[[ Data extracts open ]]
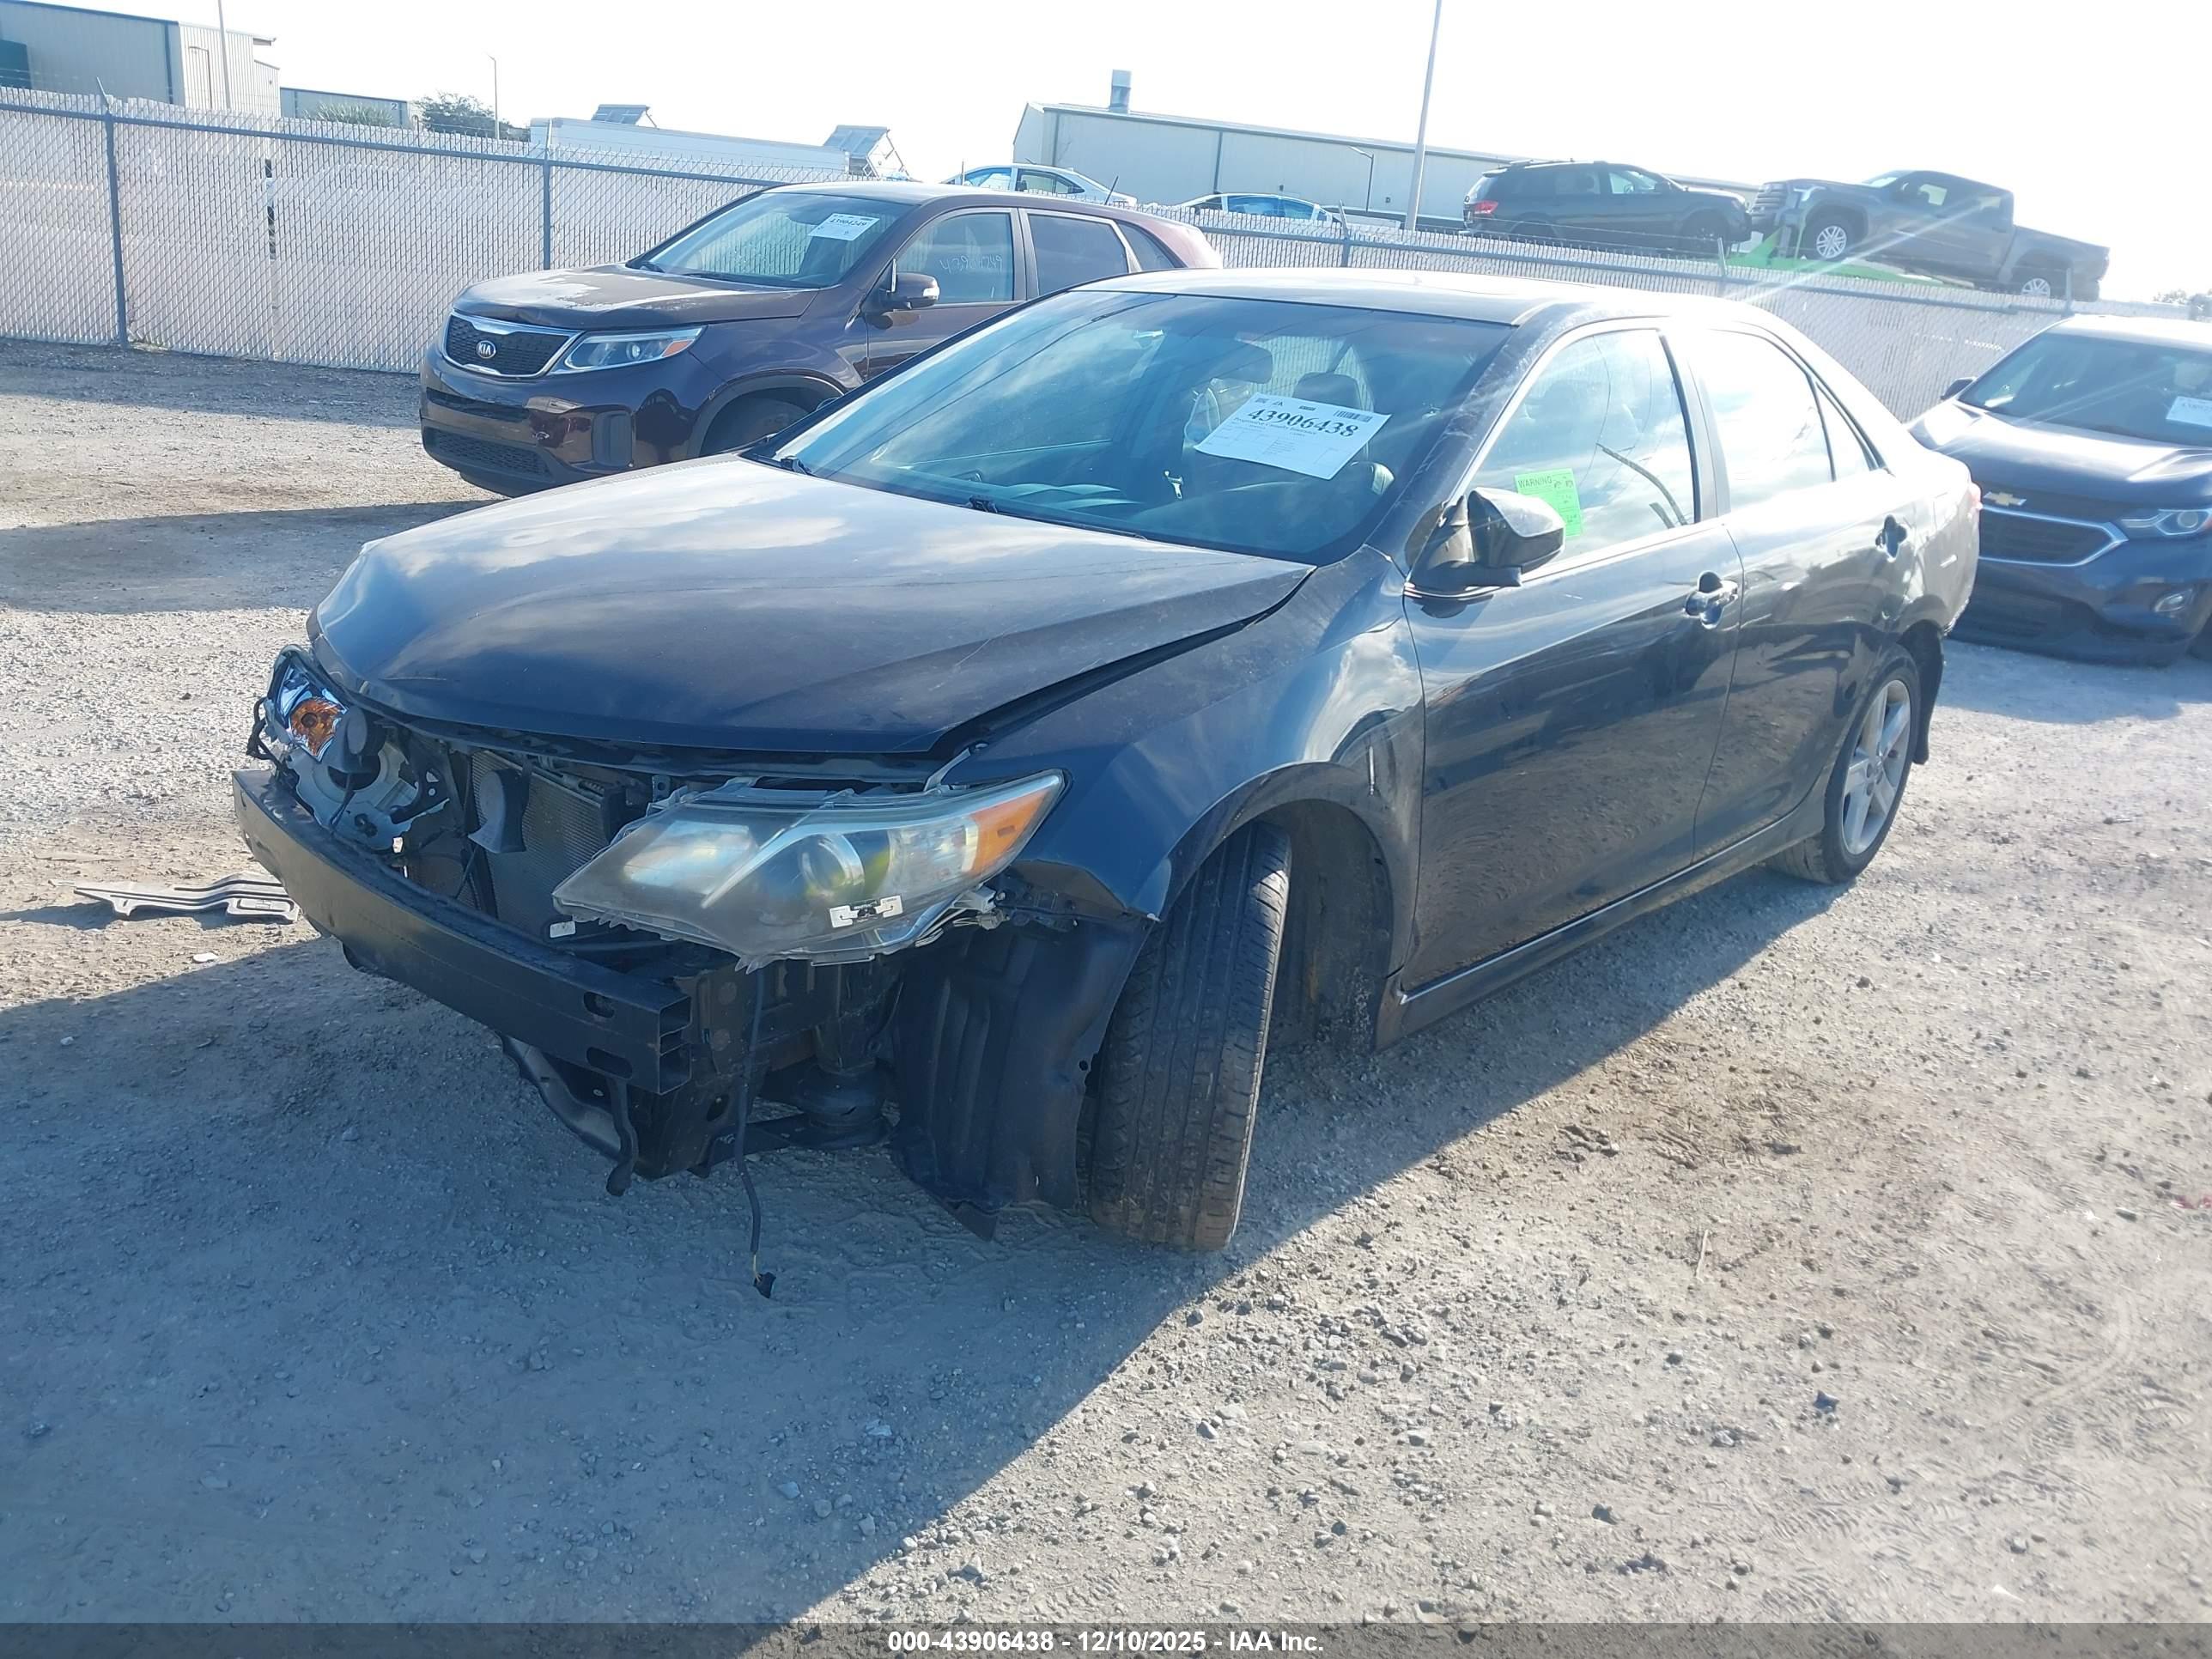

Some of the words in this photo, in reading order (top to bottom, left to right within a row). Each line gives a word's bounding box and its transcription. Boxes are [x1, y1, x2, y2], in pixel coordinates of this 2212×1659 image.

[477, 343, 492, 356] KIA
[1248, 409, 1358, 437] 43906438
[1517, 476, 1553, 489] WARNING
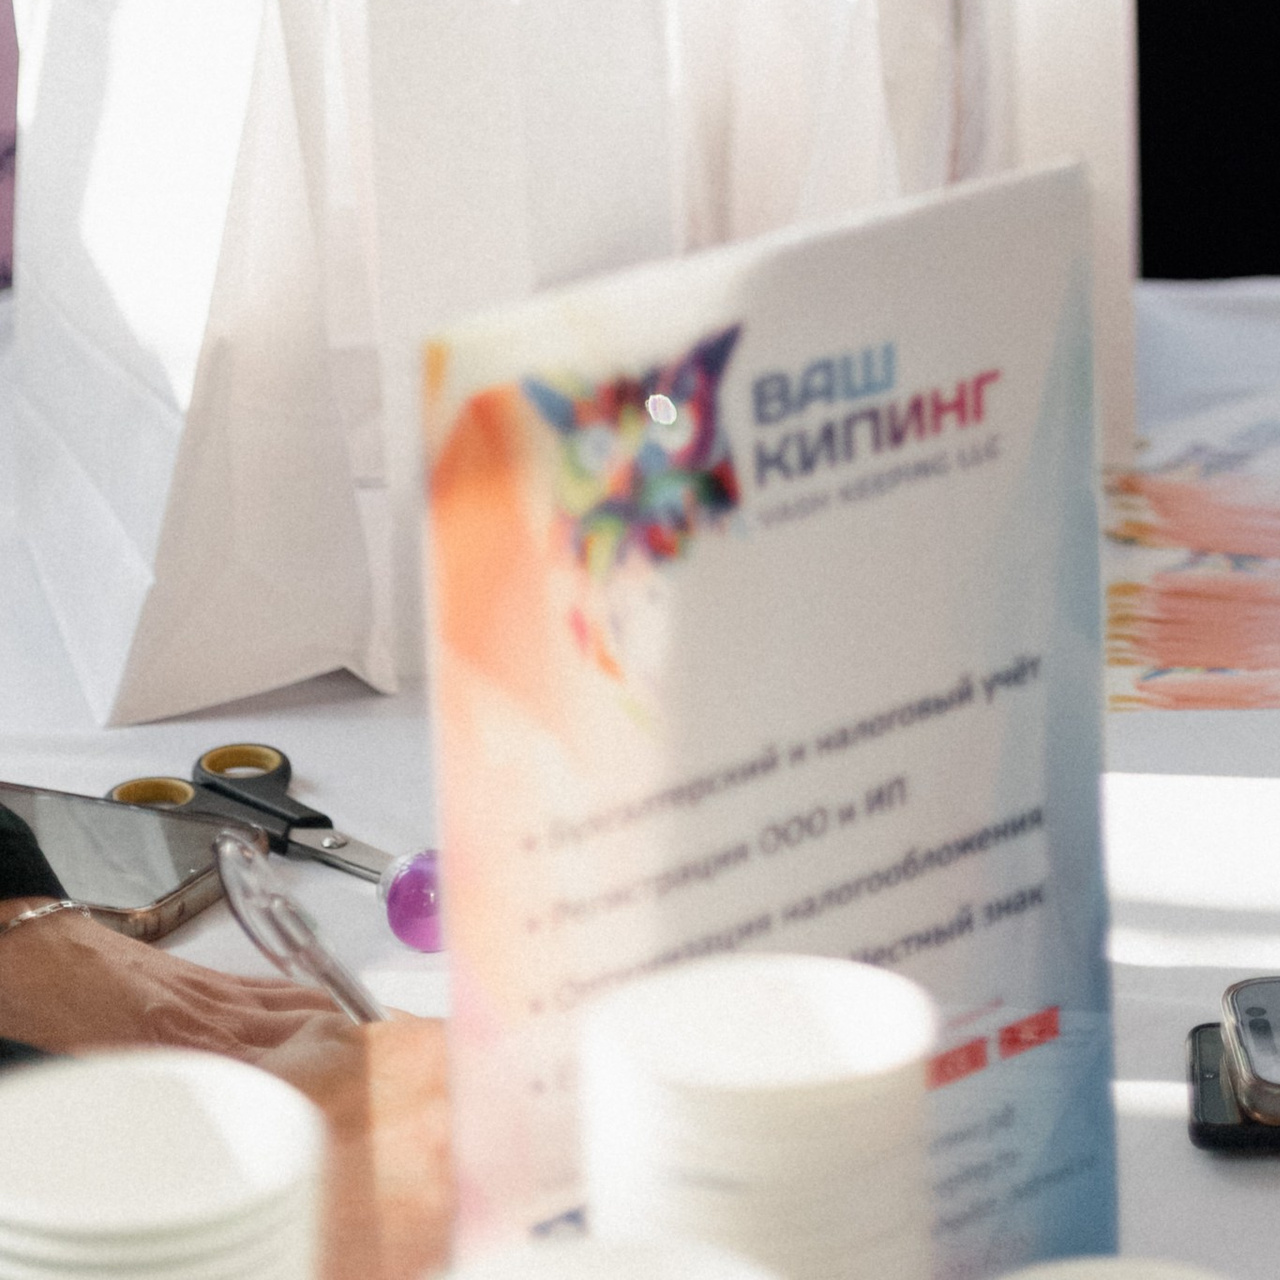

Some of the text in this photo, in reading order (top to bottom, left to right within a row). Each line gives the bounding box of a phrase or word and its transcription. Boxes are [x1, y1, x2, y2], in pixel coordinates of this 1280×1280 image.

[752, 340, 898, 427] ВАШ
[754, 366, 1004, 493] КИПИНГ
[789, 743, 806, 763] и
[816, 672, 974, 753] налоговый
[981, 654, 1042, 705] учёт
[757, 806, 828, 856] ООО
[838, 802, 855, 826] и
[864, 773, 907, 814] ИП
[780, 806, 1044, 925] налогообложения
[984, 884, 1044, 927] знак
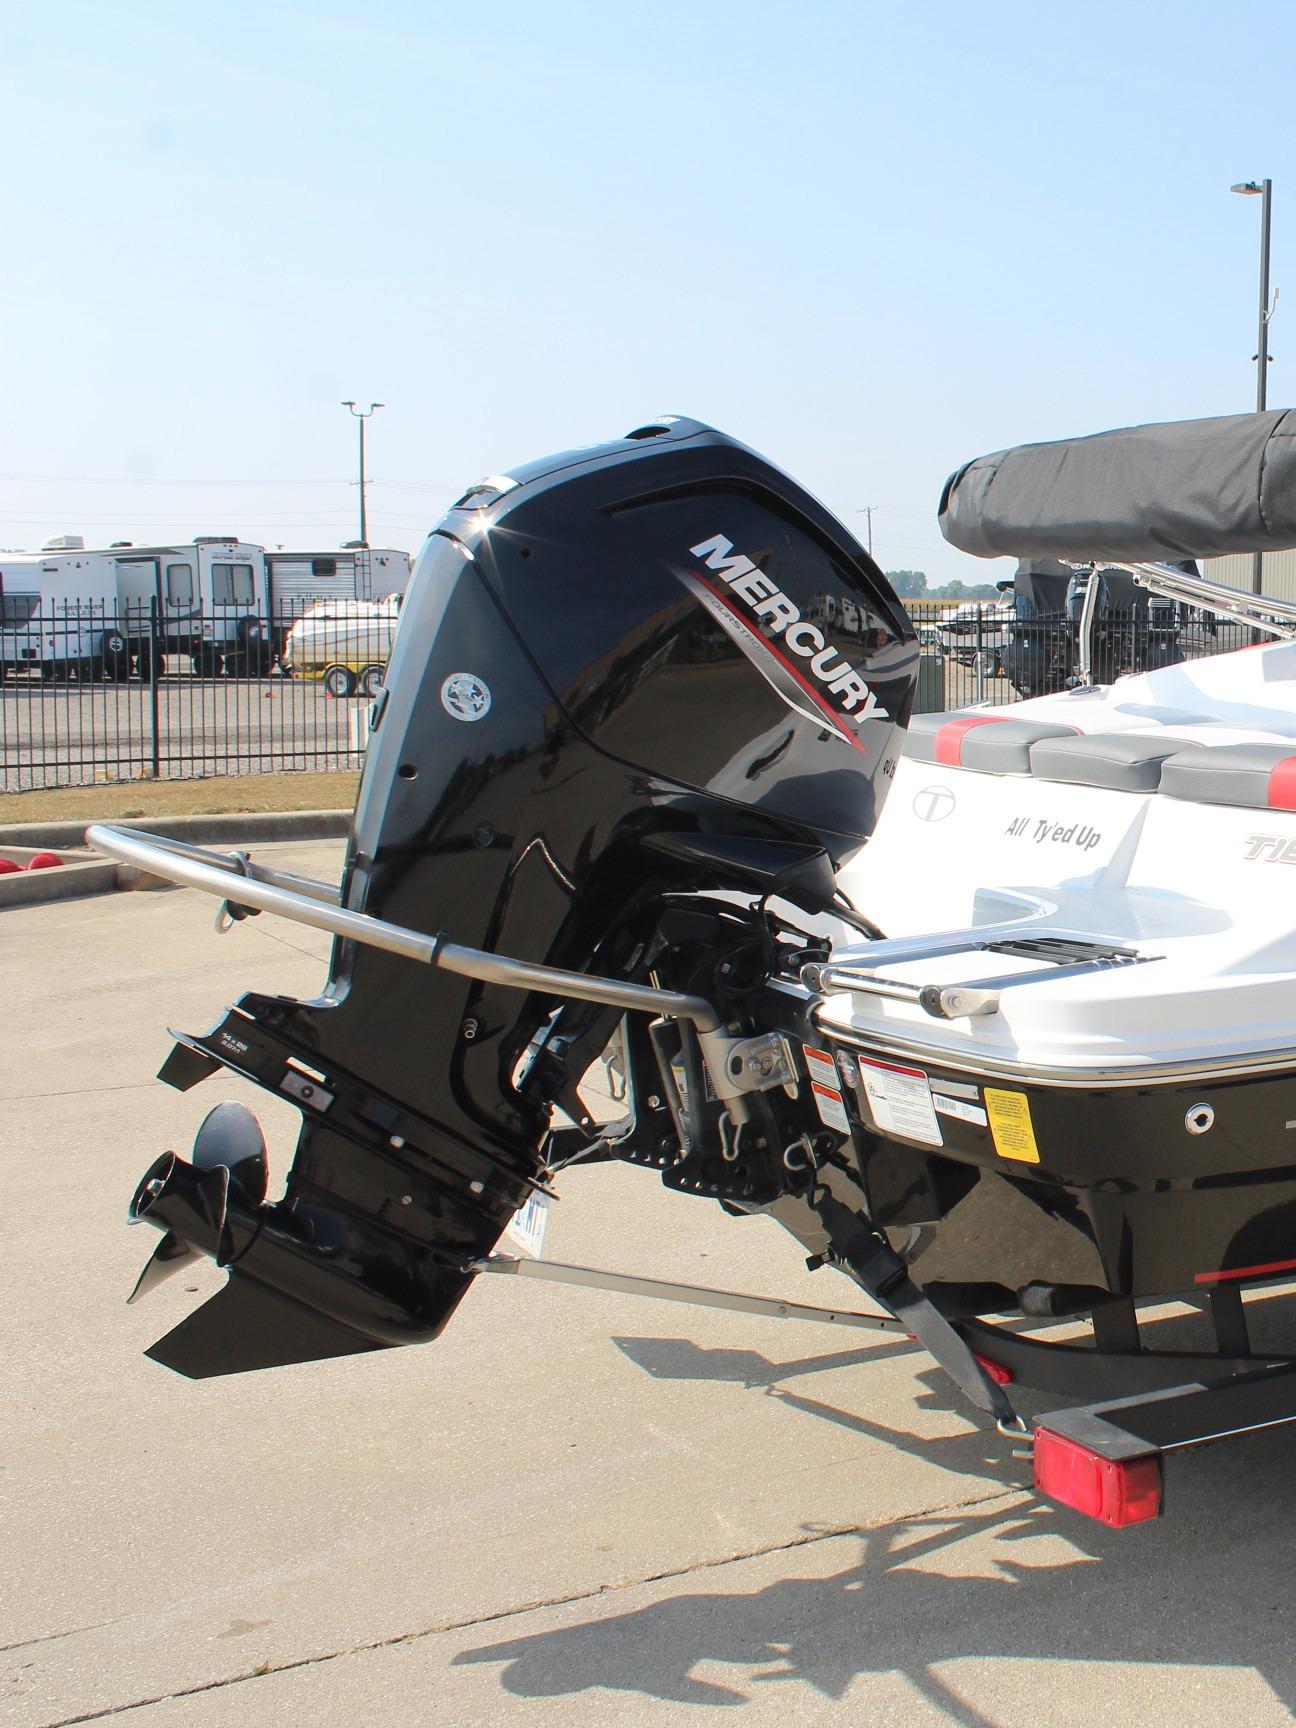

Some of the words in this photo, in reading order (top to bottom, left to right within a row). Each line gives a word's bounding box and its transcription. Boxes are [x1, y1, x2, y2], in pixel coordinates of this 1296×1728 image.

[689, 533, 890, 724] MERCURY
[1004, 817, 1031, 837] All
[1033, 819, 1079, 844] Ty'ed
[1075, 825, 1101, 851] Up
[[ Data extracts closed ]]
_About this exercise:_
Should the entries hold any pictures, please omit those and print the remaining text exactly.

_Result for this task:_
Some of the words in this photo, in reading order (top to bottom, left to right within a row). Each line gives a word's bounding box and its transcription. Boxes are [x1, y1, x2, y2], in pixel coordinates of this 2212×1659 image.

[477, 343, 492, 356] KIA
[1248, 409, 1358, 437] 43906438
[1517, 476, 1553, 489] WARNING

Some of the text in this photo, in reading order (top to bottom, left to right within a row). Each line gives the bounding box of a phrase or word and its transcription. Boxes are [x1, y1, x2, y2], in pixel coordinates of this 1280×1280 image.

[752, 340, 898, 427] ВАШ
[754, 366, 1004, 493] КИПИНГ
[789, 743, 806, 763] и
[816, 672, 974, 753] налоговый
[981, 654, 1042, 705] учёт
[757, 806, 828, 856] ООО
[838, 802, 855, 826] и
[864, 773, 907, 814] ИП
[780, 806, 1044, 925] налогообложения
[984, 884, 1044, 927] знак

Some of the words in this photo, in reading order (top to bottom, left to right within a row). Each line gives a word's bounding box and its transcription. Boxes are [x1, y1, x2, y2], in pixel coordinates of this 1296×1728 image.

[689, 533, 890, 724] MERCURY
[1004, 817, 1031, 837] All
[1033, 819, 1079, 844] Ty'ed
[1075, 825, 1101, 851] Up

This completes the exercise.